186.This paragraph defines what an “investment contract” must be for the purposes of this Schedule. It does this by laying down, for example, requirements about who the parties are to be to such contracts, about the content of contracts, and requirements about being laid before Parliament. The restrictions here are important because Parts 2 to 4 of the Schedule contain a number of regulation-making powers that may be exercised only in relation to contracts that meet the defining characteristics of “investment contracts”, and Part 5 of the Schedule provides for the Secretary of State to incur expenditure in connection with “investment contracts”.

187.Specifically, in terms of their contents and nature, an investment contract is a contract with an electricity generator (as defined in sub-paragraph (3)) which:

  • is entered into by the Secretary of State before the 31st December 2015 or if earlier, the date on which regulations are first made under section 10(3) defining an “eligible generator”. An “eligible generator” is the type of person who may benefit from a CFD under the regulations relating to the enduring regime;

  • has been entered into with the consent of the (Northern Ireland) Department of Enterprise, Trade and Investment if it relates to an electricity generating station in Northern Ireland (which is defined to include territorial waters – see sub-paragraph (3), as well as sub-paragraph (1)(b));

  • contains an obligation for the parties to make payments to each other based on the difference between a strike price and a reference price in relation to electricity generated (see sub-paragraph (1)(c) and, for a definition of these prices, sub-paragraph (3)).

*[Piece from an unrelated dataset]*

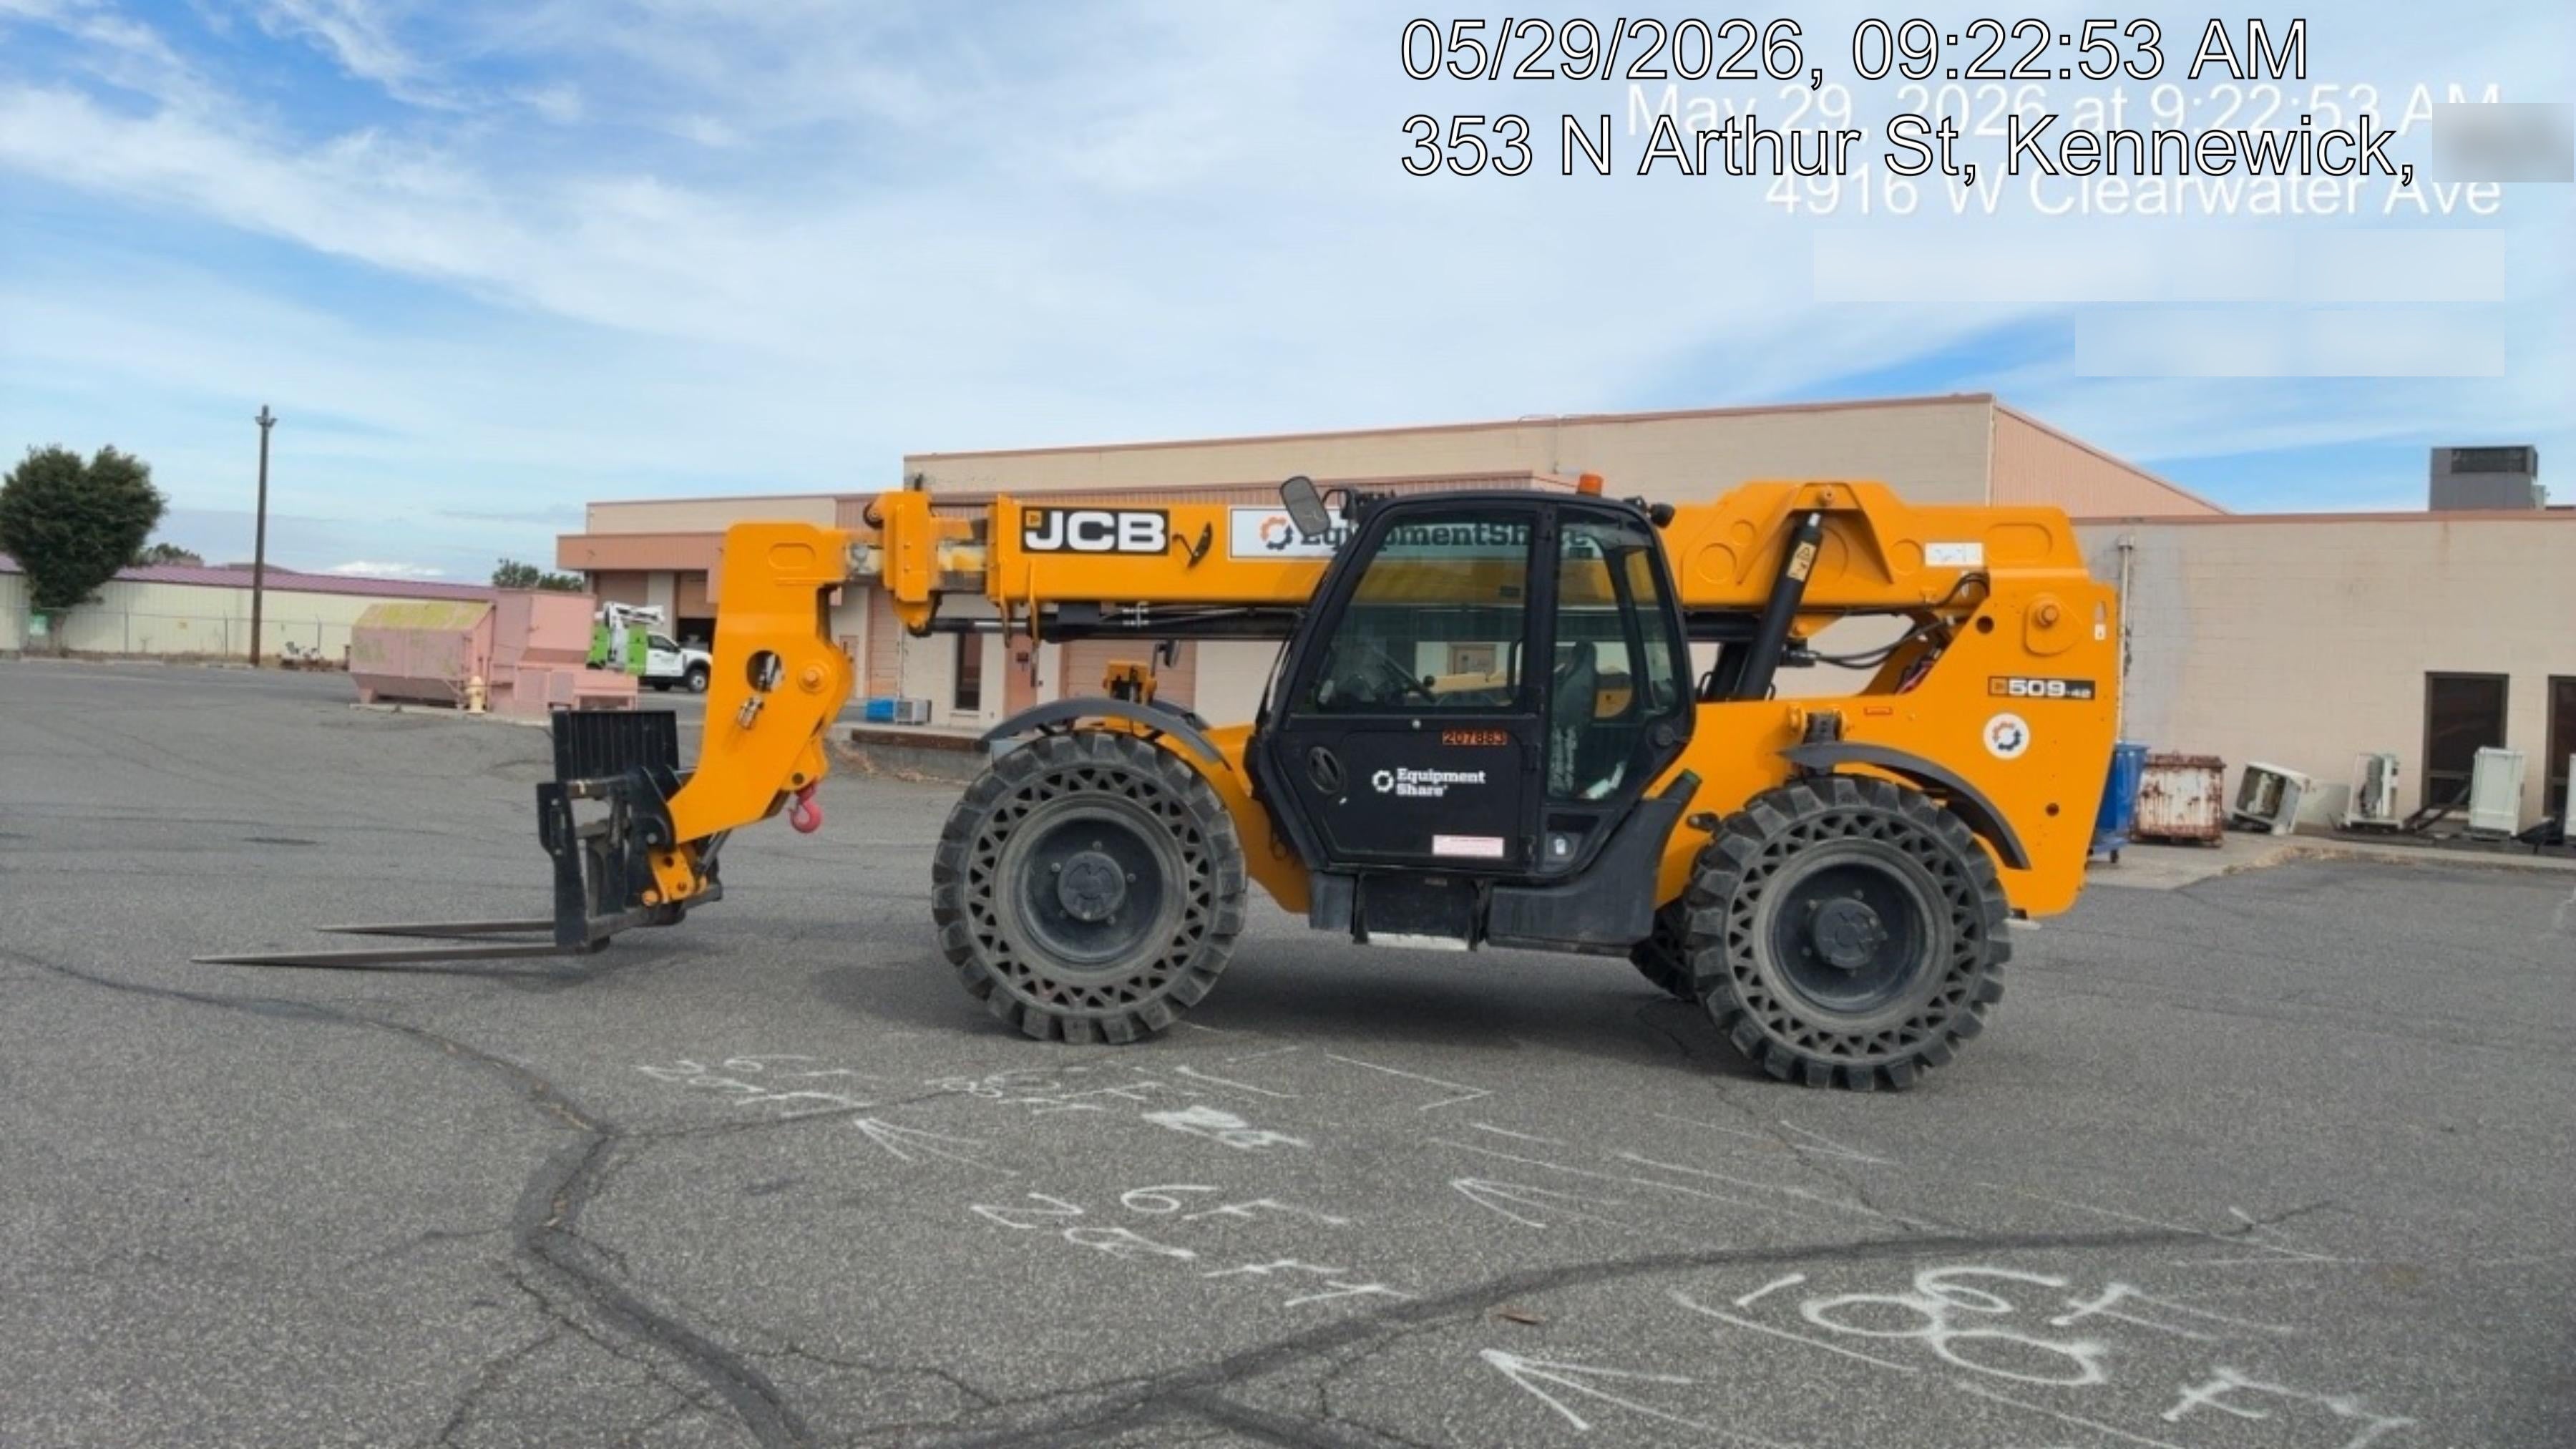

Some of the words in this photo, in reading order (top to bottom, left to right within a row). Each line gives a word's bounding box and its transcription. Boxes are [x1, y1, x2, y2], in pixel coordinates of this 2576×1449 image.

[1025, 511, 1165, 551] JCB
[1396, 767, 1486, 785] Equipment
[1396, 783, 1444, 797] Share

Where the investment contract is entered into before the coming into force of Schedule 2, this payment obligation must be expressed to be conditional on Schedule 2 being in force (see sub-paragraph (2)).

188.It is worth noting here that an electricity generator is defined in sub-paragraph (3) in a way to cover not simply someone who is directly involved in the generation of electricity, but also and more broadly speaking (for example) a person intending, at the time the contract is entered in to, to establish, or participate in the operation of a new or altered electricity generating station, and any person who has an interest in a company consisting of these aforementioned persons. Under Schedule 1 to the Interpretation Act 1978, “person” is defined to include persons corporate, such as companies. If an investment contract is entered into with more than one person, the payment obligation referred to in sub-paragraph (1)(c) must be an obligation on a party that is an electricity generator as defined in sub-paragraph (3) and the Secretary of State (see sub-paragraph (4)).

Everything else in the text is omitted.